#### [Your objective]
For this exercise, output the line containing "this 1600×1200 image." and every line after it through the end of the records, exactly, and no other line.

------ Records shown ------

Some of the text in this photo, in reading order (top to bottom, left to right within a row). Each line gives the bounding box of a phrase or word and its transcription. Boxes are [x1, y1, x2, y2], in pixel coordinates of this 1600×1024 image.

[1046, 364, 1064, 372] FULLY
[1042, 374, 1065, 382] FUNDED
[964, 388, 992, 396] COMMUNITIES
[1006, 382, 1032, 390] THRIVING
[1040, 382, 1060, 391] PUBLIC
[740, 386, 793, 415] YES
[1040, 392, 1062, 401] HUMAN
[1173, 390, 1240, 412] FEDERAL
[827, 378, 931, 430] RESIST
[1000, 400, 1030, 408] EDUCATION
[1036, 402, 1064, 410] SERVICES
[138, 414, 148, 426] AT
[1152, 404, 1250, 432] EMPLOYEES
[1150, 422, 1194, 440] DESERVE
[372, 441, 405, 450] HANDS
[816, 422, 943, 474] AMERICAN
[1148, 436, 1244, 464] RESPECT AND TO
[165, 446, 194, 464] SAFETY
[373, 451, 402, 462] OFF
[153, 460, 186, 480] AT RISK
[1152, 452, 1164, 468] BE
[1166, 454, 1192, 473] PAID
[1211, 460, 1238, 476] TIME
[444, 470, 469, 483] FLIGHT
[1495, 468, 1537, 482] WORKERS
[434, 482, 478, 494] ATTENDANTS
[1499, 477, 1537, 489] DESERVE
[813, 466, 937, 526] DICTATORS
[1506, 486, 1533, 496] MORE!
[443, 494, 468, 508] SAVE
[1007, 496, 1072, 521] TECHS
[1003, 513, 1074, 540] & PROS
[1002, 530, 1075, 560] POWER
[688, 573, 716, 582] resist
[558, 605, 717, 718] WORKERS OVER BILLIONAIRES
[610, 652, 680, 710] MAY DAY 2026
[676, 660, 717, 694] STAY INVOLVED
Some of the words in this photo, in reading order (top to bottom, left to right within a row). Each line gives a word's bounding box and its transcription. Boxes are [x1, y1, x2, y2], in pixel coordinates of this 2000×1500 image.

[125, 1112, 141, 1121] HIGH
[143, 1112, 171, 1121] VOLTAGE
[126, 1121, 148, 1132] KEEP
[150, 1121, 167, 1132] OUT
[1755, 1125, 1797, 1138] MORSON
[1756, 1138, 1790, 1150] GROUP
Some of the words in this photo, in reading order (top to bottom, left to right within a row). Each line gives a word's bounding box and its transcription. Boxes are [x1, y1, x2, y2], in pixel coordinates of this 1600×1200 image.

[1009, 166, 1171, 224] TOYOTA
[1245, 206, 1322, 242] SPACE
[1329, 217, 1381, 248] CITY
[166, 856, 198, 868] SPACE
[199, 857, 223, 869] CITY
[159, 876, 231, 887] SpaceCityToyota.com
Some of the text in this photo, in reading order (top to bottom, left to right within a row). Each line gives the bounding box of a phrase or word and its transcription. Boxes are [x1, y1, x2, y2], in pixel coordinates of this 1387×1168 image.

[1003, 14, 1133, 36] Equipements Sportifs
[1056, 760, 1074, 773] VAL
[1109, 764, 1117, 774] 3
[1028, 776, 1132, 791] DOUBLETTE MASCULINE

------

#### [Problem solution]
Some of the words in this photo, in reading order (top to bottom, left to right within a row). Each line gives a word's bounding box and its transcription. Boxes are [x1, y1, x2, y2], in pixel coordinates of this 1600×1200 image.

[1009, 166, 1171, 224] TOYOTA
[1245, 206, 1322, 242] SPACE
[1329, 217, 1381, 248] CITY
[166, 856, 198, 868] SPACE
[199, 857, 223, 869] CITY
[159, 876, 231, 887] SpaceCityToyota.com
Some of the text in this photo, in reading order (top to bottom, left to right within a row). Each line gives the bounding box of a phrase or word and its transcription. Boxes are [x1, y1, x2, y2], in pixel coordinates of this 1387×1168 image.

[1003, 14, 1133, 36] Equipements Sportifs
[1056, 760, 1074, 773] VAL
[1109, 764, 1117, 774] 3
[1028, 776, 1132, 791] DOUBLETTE MASCULINE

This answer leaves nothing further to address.